The first thing you have to select is a region where your Timestream database is. Then you should be able to select the database and table from the dropdown.
Once you added the data source, you can create a new dashboard. On the left hand
side click Dashboards
and create a new one. Select Timestream data source and
in the query editor write such query. You can use it for every graph you create.

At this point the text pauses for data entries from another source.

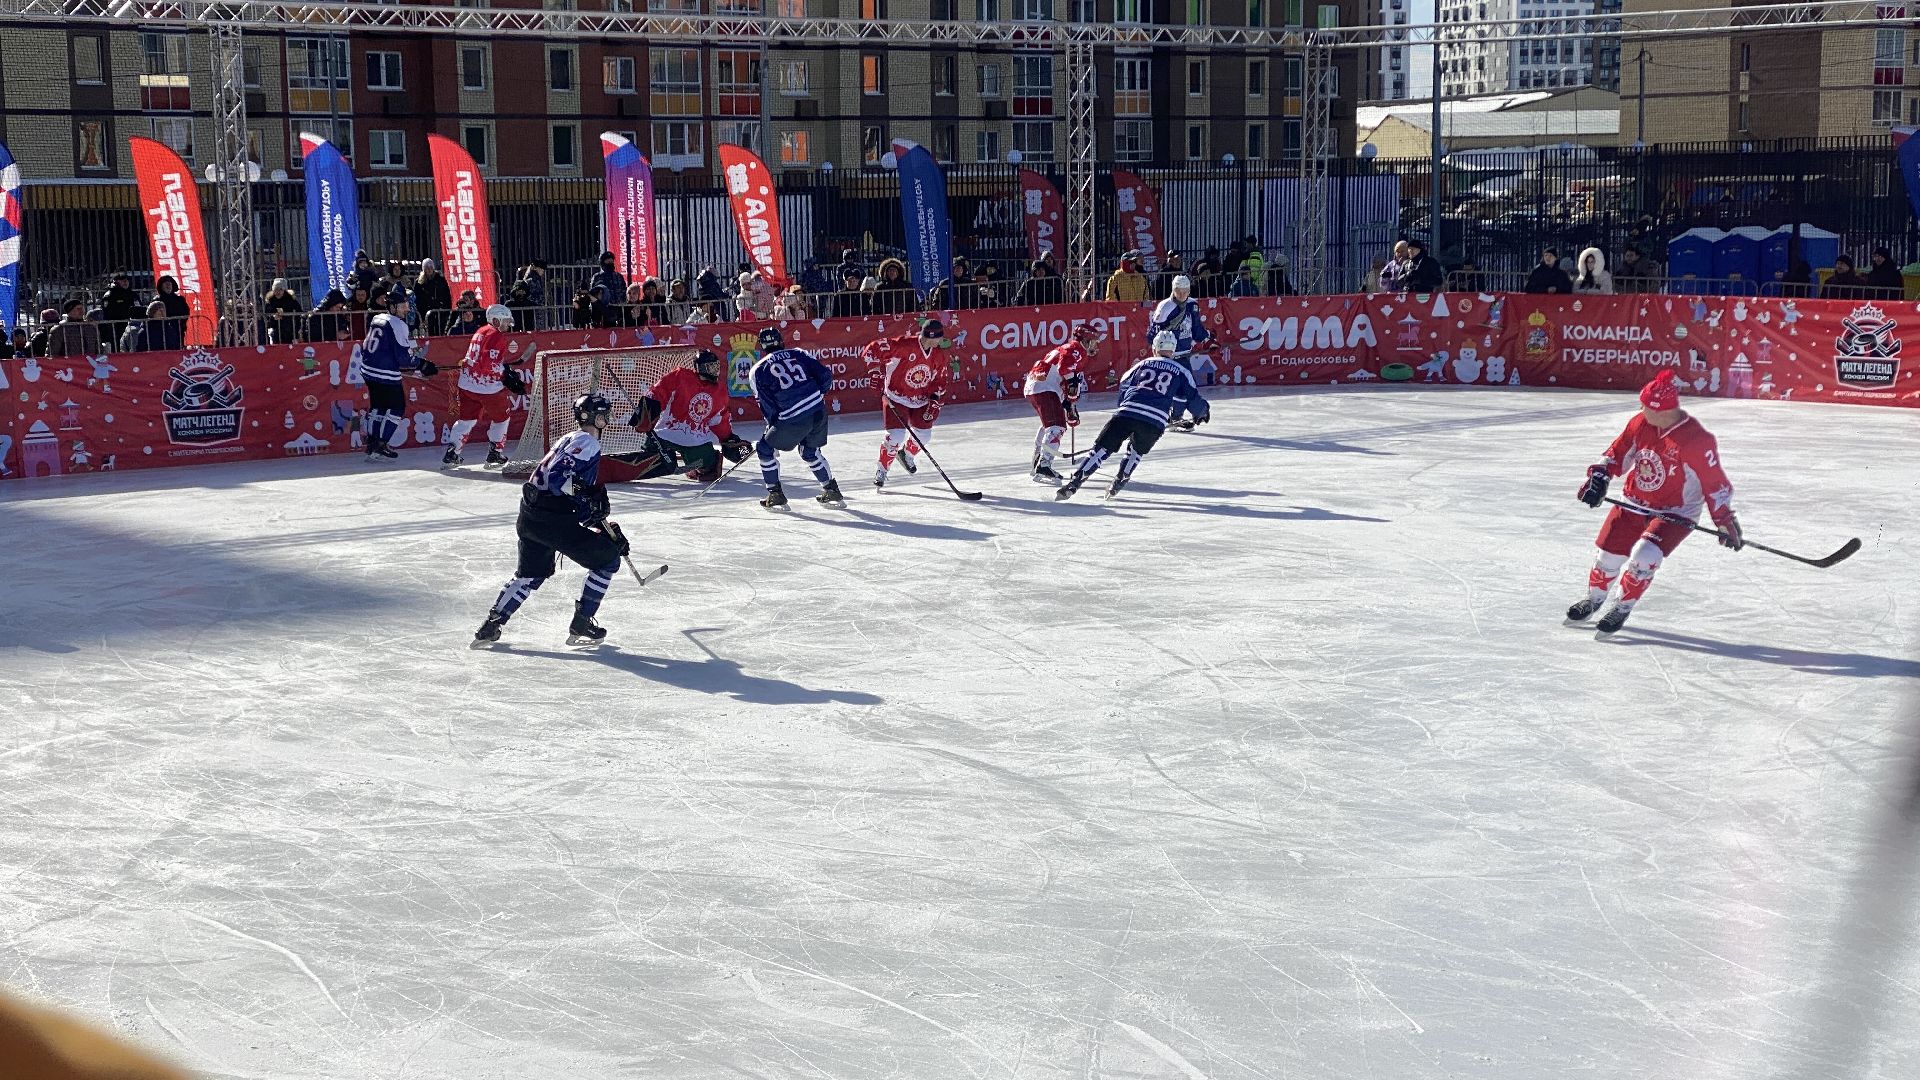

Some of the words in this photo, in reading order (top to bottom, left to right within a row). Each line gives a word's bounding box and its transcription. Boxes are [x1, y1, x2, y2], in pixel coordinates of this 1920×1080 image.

[1239, 313, 1378, 350] ЗИМА
[1563, 325, 1653, 343] КОМАНДА
[1271, 355, 1356, 366] Подмосковье
[1563, 348, 1681, 366] ГУБЕРНАТОРА
[770, 358, 808, 390] 85
[1841, 362, 1862, 372] МАТЧ
[1863, 363, 1893, 374] ЛЕГЕНД
[829, 378, 847, 391] ГО
[1137, 368, 1173, 395] 28
[173, 416, 199, 430] МАТЧ
[200, 414, 236, 428] ЛЕГЕНД

Change the measured value on the left to choose. Click Apply
to save the graph
to the dashboard.
SELECT * FROM $__database.$__table WHERE measure_name = '$__measure'
You can then create a dashboard that will track your habits and tasks progress as an overall overview. You can also create a graph that will compare how well do your mornings look like (how much exp do you gain between 6 and 10 AM). To do this, set your graph type to bar chart and put the following long query.
WITH morning_values AS (
SELECT
date_trunc('day', time) AS day,
measure_value::double AS value_at_time,
CASE
WHEN extract(hour from time) = 6 THEN 'value_at_6am'
WHEN extract(hour from time) = 10 THEN 'value_at_10am'
END AS time_period
FROM
$__database.$__table
WHERE
(extract(hour from time) = 6
OR extract(hour from time) = 10)
AND measure_name = '$__measure'
),
aggregated_values AS (
SELECT
day,
MAX(CASE WHEN time_period = 'value_at_6am' THEN value_at_time ELSE NULL END) AS value_at_6am,
MAX(CASE WHEN time_period = 'value_at_10am' THEN value_at_time ELSE NULL END) AS value_at_10am
FROM
morning_values
GROUP BY
day
)
SELECT
value_at_10am - value_at_6am,
day
FROM
aggregated_values
ORDER BY
day ASC
It will do the following: first it will find all the measurements that happened at 6AM UTC or 10AM UTC (6:00-6:59 to be exact). Then it will take the largest of the values (so more likely 6:59 than 6:00) and pass it to another query that will group those values it by days. So we will have 1st July with two values, 2nd of July with two values, etc. Finally, for each day we will subtract 6AM measured value from 10AM measured value. Of course I didn't write this query myself. But I like the effect nevertheless. Because of UTC storage I expanded the window from 5AM to 12PM.